Many of us take our water system for granted — we expect clean drinking water to flow from our taps, our waste water to be treated, and our rivers and lakes to be clean. But those things don’t just happen on their own. They require constant attention, and decisions backed by sound science.

For the past four decades, the 1,300-member Water Environment Association of Ontario has guided policy-makers in government and industry. Through research and collaboration, they help ensure our water system is safe and can handle our changing environment and increased growth of our communities.

“The protection of our water environment is critical,” says John Presta, the association’s President. “We don’t advocate a particular position, but we provide science-based information. Water infrastructure is capital intensive, and if we are not investing in the right strategies, government and organizations can find themselves wasting hundreds of millions of dollars.”

Pressures on our water system

There are a lot of factors that create challenges for our water system, including climate change, urban growth, and the health of our lakes and rivers.

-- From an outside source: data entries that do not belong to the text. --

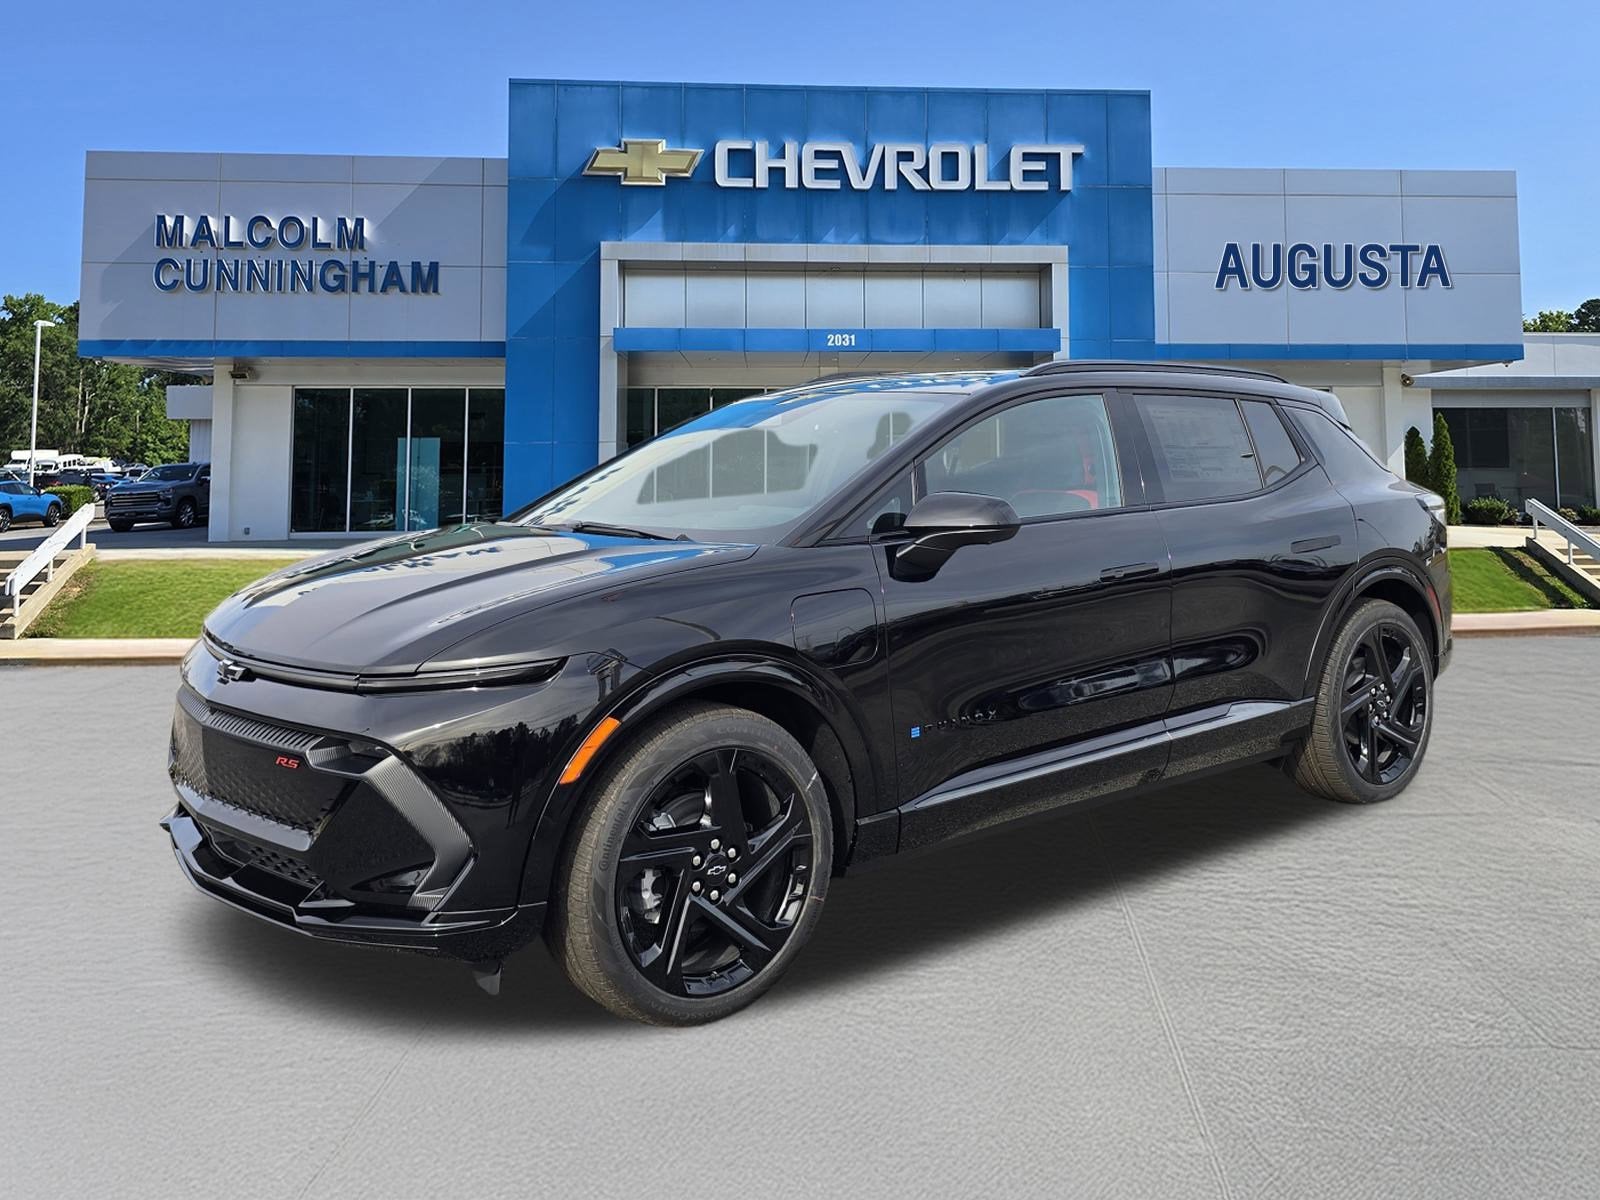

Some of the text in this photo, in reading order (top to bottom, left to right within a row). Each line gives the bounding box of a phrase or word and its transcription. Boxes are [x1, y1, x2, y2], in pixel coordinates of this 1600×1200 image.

[714, 139, 1085, 191] CHEVROLET
[155, 214, 366, 250] MALCOLM
[154, 257, 441, 293] CUNNINGHAM
[1214, 241, 1453, 290] AUGUSTA
[827, 333, 856, 347] 2031
[275, 756, 300, 769] RS

“Climate change has a direct impact on water management through the effect of melting glaciers or sea ice and more frequent rainfall events with higher frequency, intensity and duration,” says Edgar Tovilla, who sits on the association’s Climate Change Committee. “These effects have a direct impact on our  stormwater management and sanitary infrastructure.”

Stormwater management is becoming more important, as extreme storm events are overloading our current infrastructure, resulting in flooding and property damage. The Water Environment Association of Ontario studies the impact of these weather events so we can better prepare and reduce potential risks of our water system overflowing.

A duty to protect our water resources

And if we think that events happening elsewhere in the world won’t impact us, we need to reconsider our assumptions because climate change is a global problem. “We need to ask ourselves if we are doing enough here in Ontario and Canada to address climate change,” says Tovilla. “Canada has 20 percent of the world’s fresh-water supply, which poses an additional burden of responsibility to protect our water resources.”

Much of that fresh water is stored in the Great Lakes. Fortunately, the collaborative efforts of Canada and the United States have created policies for the protection of these lakes. One recent joint agreement commits to a 40 percent reduction in phosphorus entering Lake Erie. There is scientific evidence that excess phosphorus, as a primary indicator of excess nutrients, leads to algae blooms, which in turn depletes the lake of oxygen— impacting fish and other water life.

The Ontario government created the Lake Erie Action Plan, which the Water Environment Association of Ontario is actively supporting by offering advice and consultation. The members of the association will play a key role in  to reduce nutrient levels in the lake as they implement the ideas to make it happen.

Urban development is another challenge that can put added strain on the pipes in our water systems. The health of our communities is directly associated with the health of our water system. As our communities grow, so too does the need to expand and protect our water infrastructure. This is especially critical in southern Ontario where the population is increasing.

By monitoring our infrastructure and conducting research, the Water Environment Association of Ontario has collective finger on the  pulse of the environment so government and industry leaders have the best information to keep the water flowing.